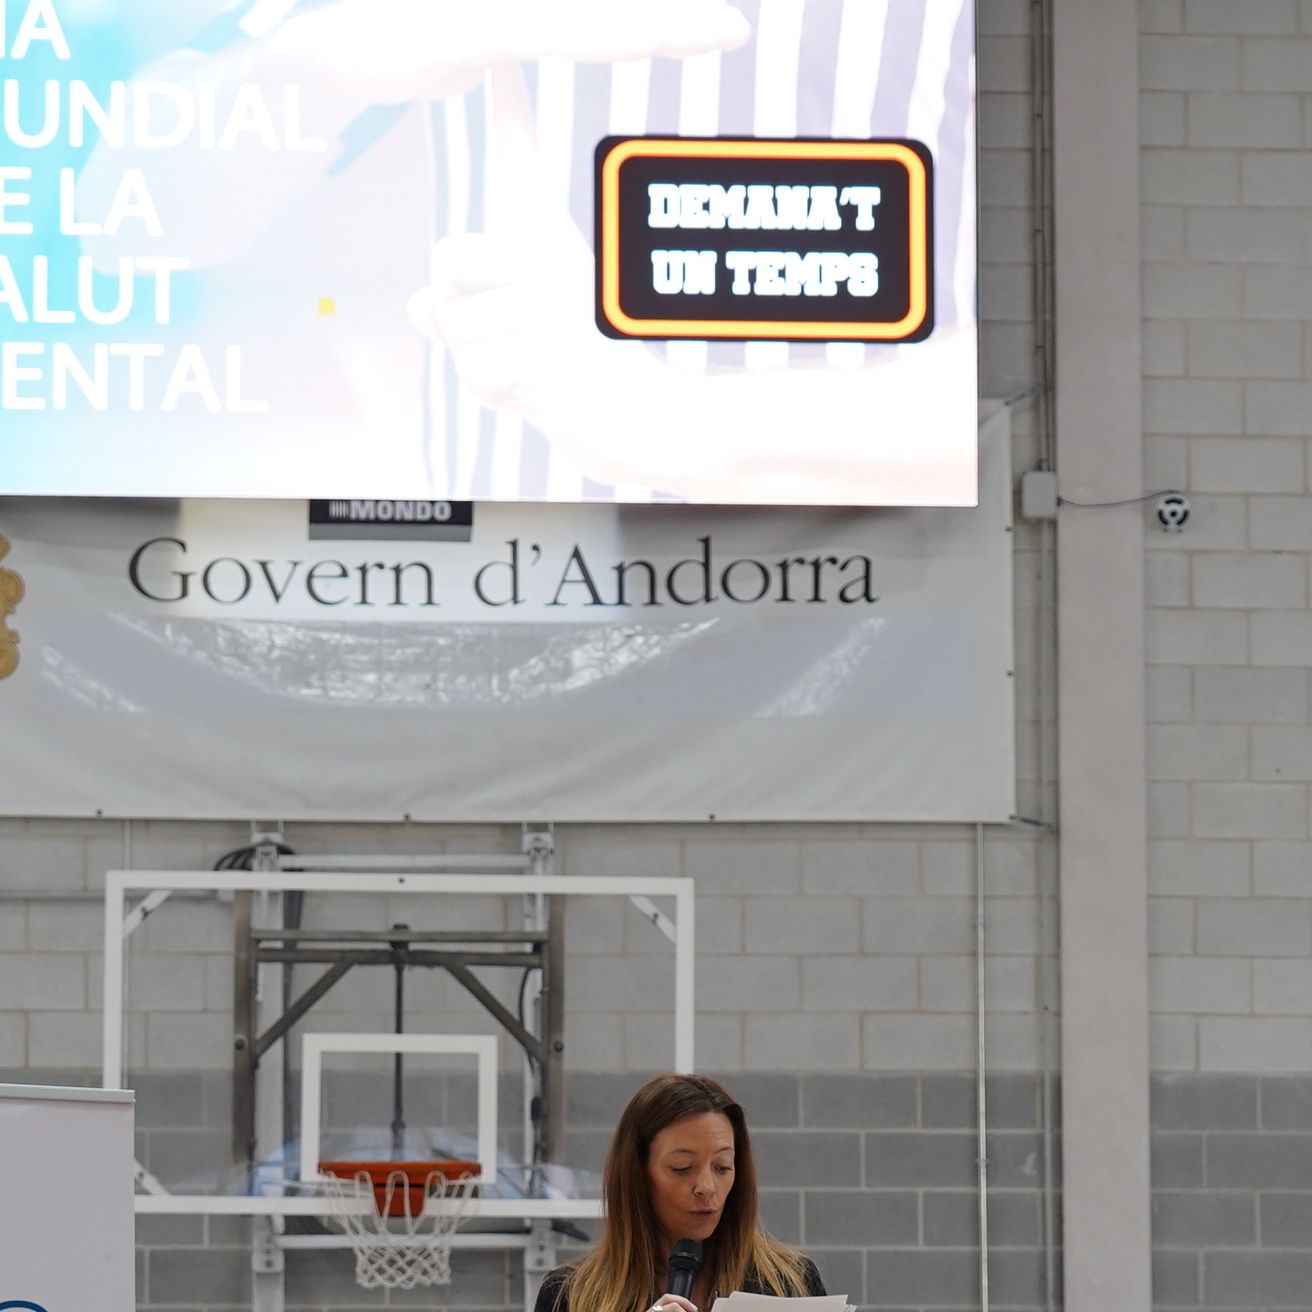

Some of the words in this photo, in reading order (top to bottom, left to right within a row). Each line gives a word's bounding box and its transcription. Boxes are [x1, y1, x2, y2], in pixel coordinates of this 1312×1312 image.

[59, 167, 163, 237] LA
[647, 183, 881, 231] DEMANA'T
[650, 249, 717, 295] UN
[725, 250, 879, 297] TEMPS
[349, 500, 452, 521] MONDO
[128, 536, 436, 607] Govern
[473, 535, 881, 608] d'Andorra
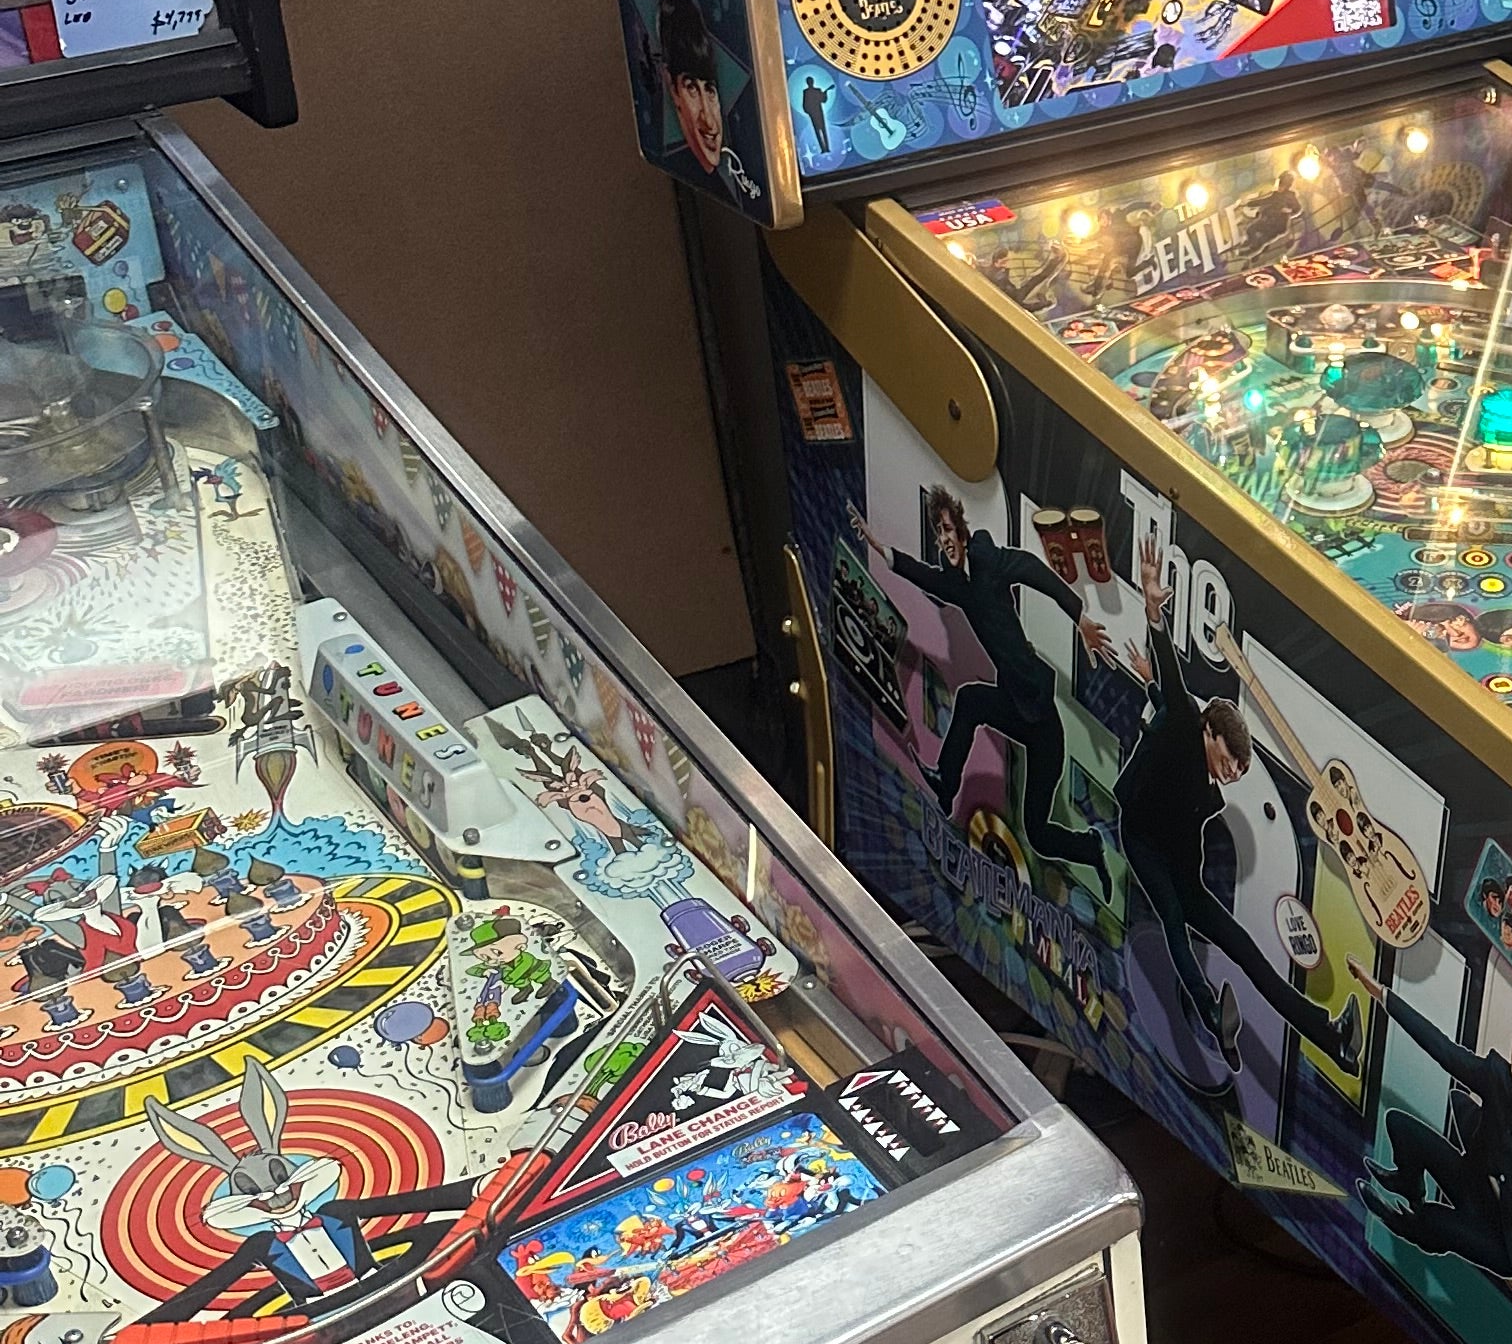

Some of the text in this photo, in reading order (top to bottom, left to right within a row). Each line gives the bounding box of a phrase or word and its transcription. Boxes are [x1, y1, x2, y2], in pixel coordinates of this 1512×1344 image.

[945, 213, 995, 233] USA
[1286, 915, 1308, 933] LOVE
[1383, 884, 1422, 935] BEATLES
[1288, 934, 1318, 957] RINGO
[608, 1112, 681, 1151] Bally
[624, 1095, 786, 1171] HOLD BUTTON FOR STATUS REPORT
[637, 1095, 763, 1155] LANE CHANGE
[1263, 1144, 1317, 1191] BEATLES
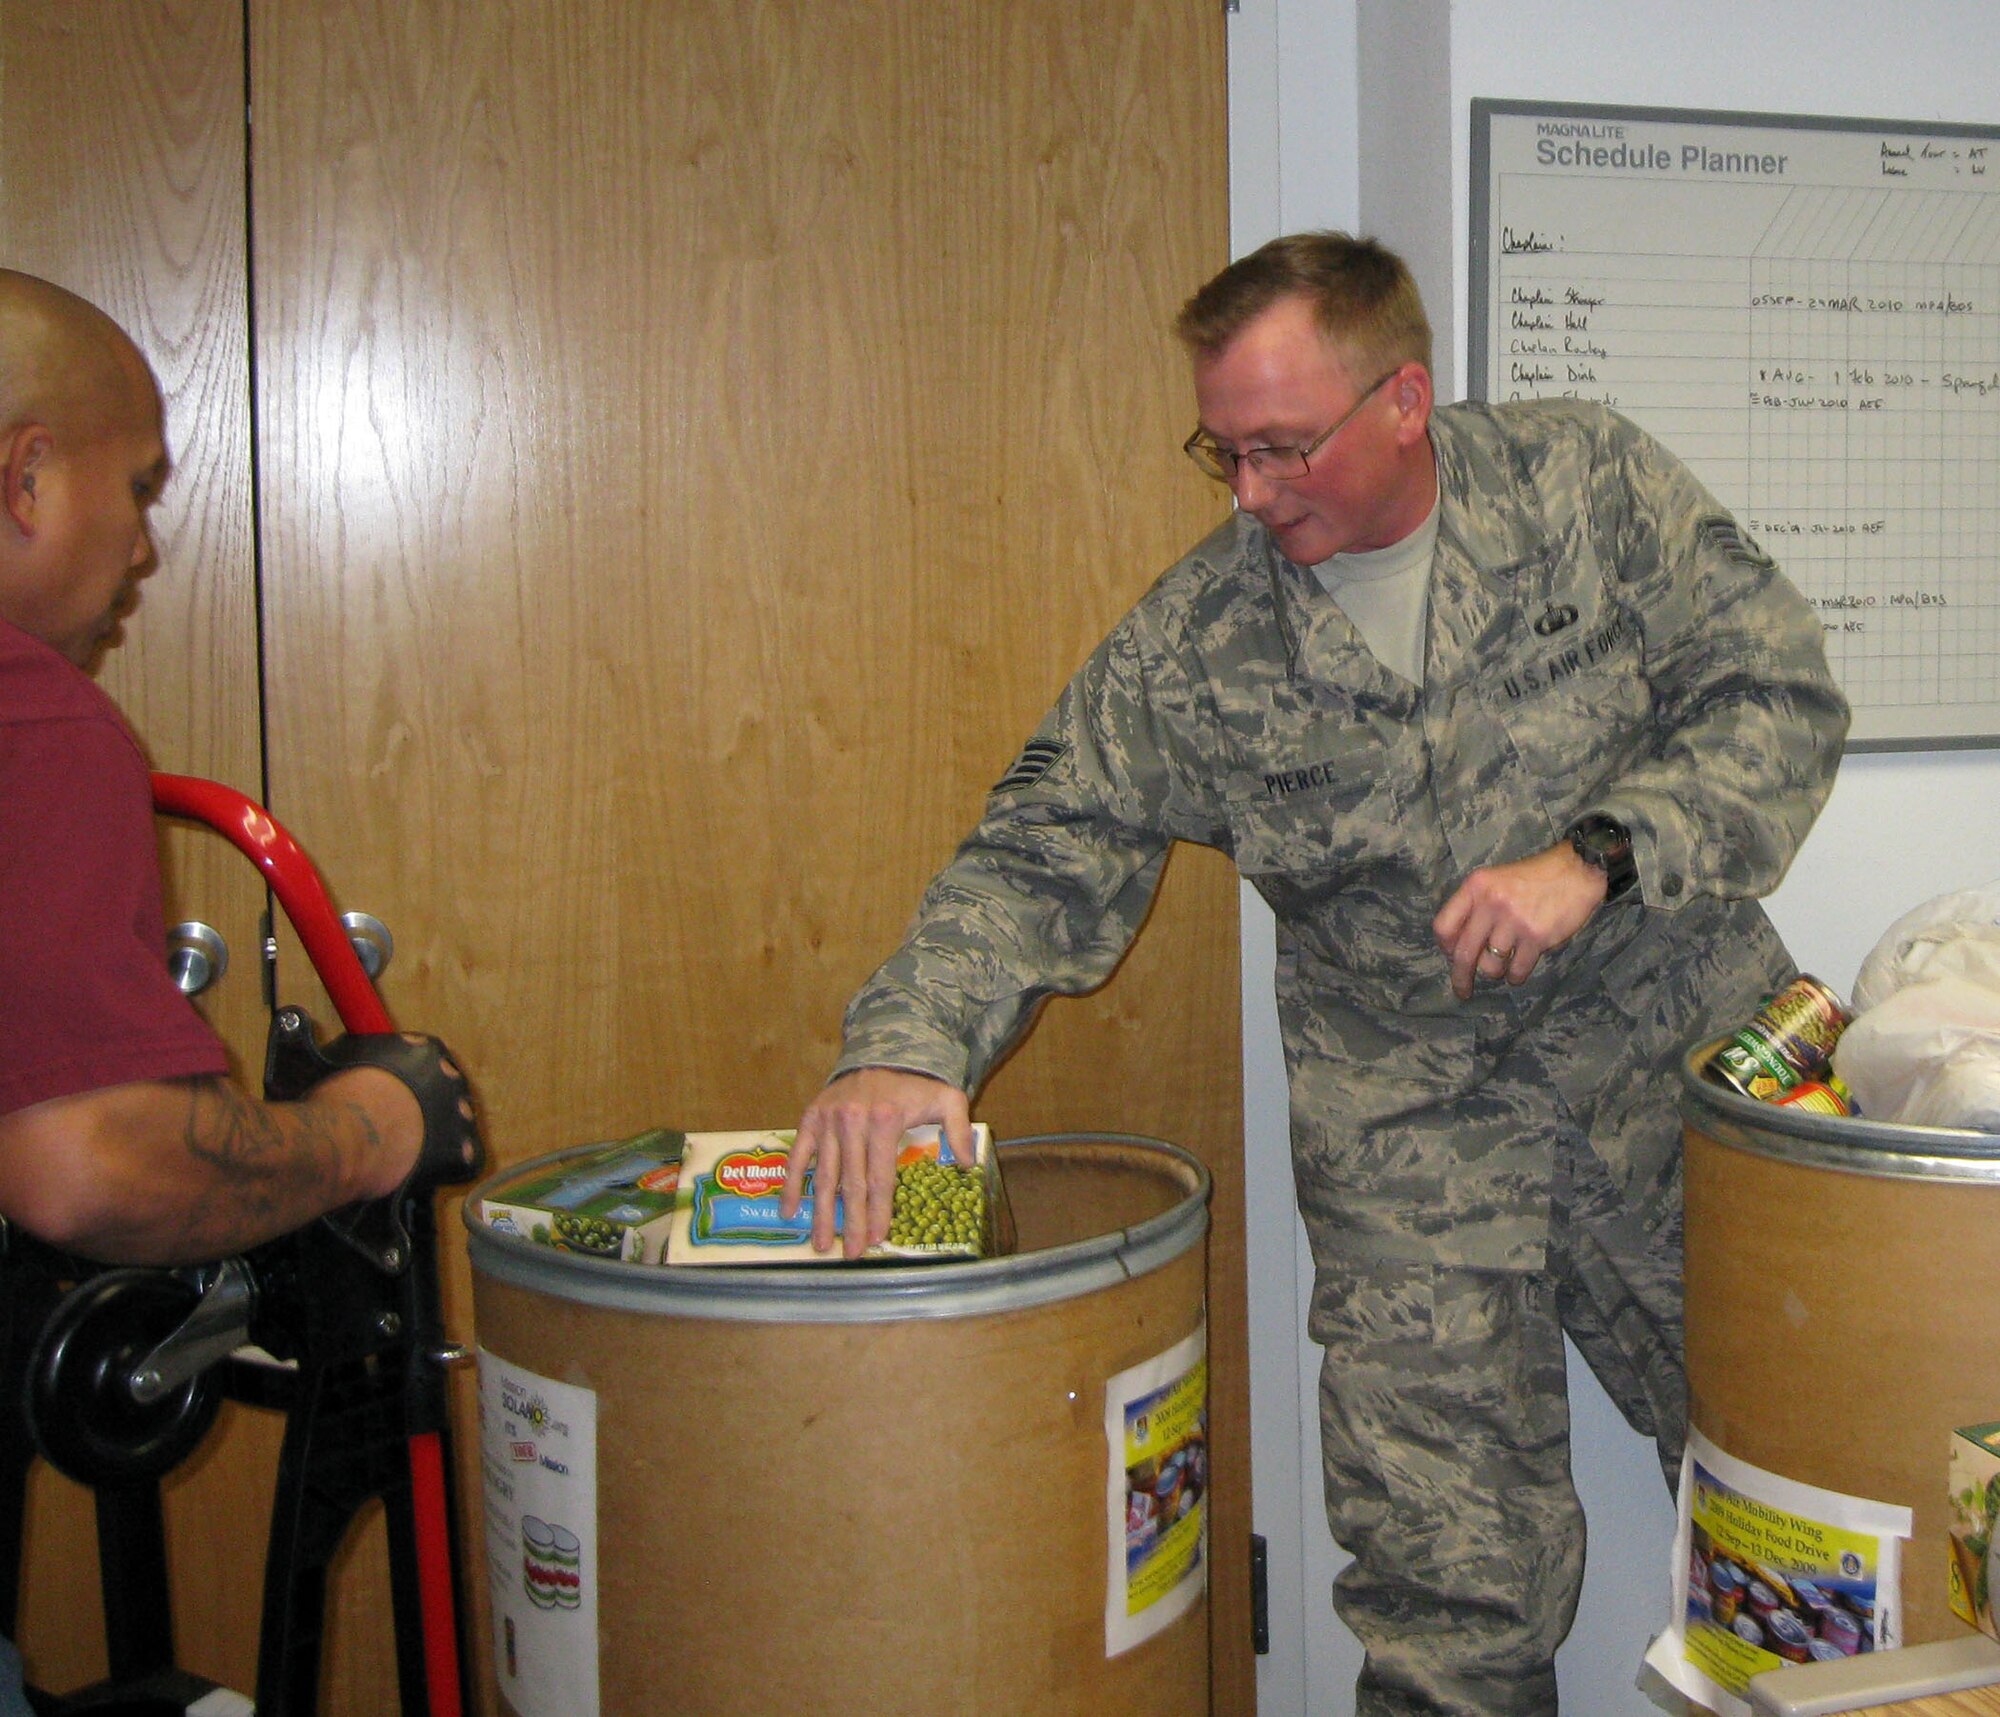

## EXERCISE AIM
Everything in the data must be printed verbatim except the pictures.

## YOUR SOLUTION
Some of the words in this photo, in reading order (top to bottom, left to right within a row). Each line gives a word's bounding box and its transcription. Boxes are [x1, y1, x2, y2], in pixel coordinates of this 1312×1312 image.

[59, 167, 163, 237] LA
[647, 183, 881, 231] DEMANA'T
[650, 249, 717, 295] UN
[725, 250, 879, 297] TEMPS
[349, 500, 452, 521] MONDO
[128, 536, 436, 607] Govern
[473, 535, 881, 608] d'Andorra

Some of the text in this photo, in reading order (top to bottom, left to right within a row). Each line gives the bounding box of a phrase or word and its transcription. Boxes are [x1, y1, x2, y2], in pixel coordinates of this 1512×1344 image.

[945, 213, 995, 233] USA
[1286, 915, 1308, 933] LOVE
[1383, 884, 1422, 935] BEATLES
[1288, 934, 1318, 957] RINGO
[608, 1112, 681, 1151] Bally
[624, 1095, 786, 1171] HOLD BUTTON FOR STATUS REPORT
[637, 1095, 763, 1155] LANE CHANGE
[1263, 1144, 1317, 1191] BEATLES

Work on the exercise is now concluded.